=== Dataset entries ===

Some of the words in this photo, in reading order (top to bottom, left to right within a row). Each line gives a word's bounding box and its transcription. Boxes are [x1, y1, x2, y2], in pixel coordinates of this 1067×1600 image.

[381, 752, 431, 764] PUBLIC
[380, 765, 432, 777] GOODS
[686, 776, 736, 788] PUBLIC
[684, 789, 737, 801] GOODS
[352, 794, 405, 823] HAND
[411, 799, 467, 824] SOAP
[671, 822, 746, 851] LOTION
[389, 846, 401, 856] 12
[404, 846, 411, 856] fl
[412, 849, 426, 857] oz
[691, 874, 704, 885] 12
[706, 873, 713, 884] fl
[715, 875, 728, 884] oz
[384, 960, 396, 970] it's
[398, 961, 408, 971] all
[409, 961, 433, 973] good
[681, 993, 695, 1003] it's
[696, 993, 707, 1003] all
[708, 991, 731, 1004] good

=== Exercise ===
Your reply should consist of the records, duplicated exactly.

=== Answer to this exercise ===
Some of the words in this photo, in reading order (top to bottom, left to right within a row). Each line gives a word's bounding box and its transcription. Boxes are [x1, y1, x2, y2], in pixel coordinates of this 1067×1600 image.

[381, 752, 431, 764] PUBLIC
[380, 765, 432, 777] GOODS
[686, 776, 736, 788] PUBLIC
[684, 789, 737, 801] GOODS
[352, 794, 405, 823] HAND
[411, 799, 467, 824] SOAP
[671, 822, 746, 851] LOTION
[389, 846, 401, 856] 12
[404, 846, 411, 856] fl
[412, 849, 426, 857] oz
[691, 874, 704, 885] 12
[706, 873, 713, 884] fl
[715, 875, 728, 884] oz
[384, 960, 396, 970] it's
[398, 961, 408, 971] all
[409, 961, 433, 973] good
[681, 993, 695, 1003] it's
[696, 993, 707, 1003] all
[708, 991, 731, 1004] good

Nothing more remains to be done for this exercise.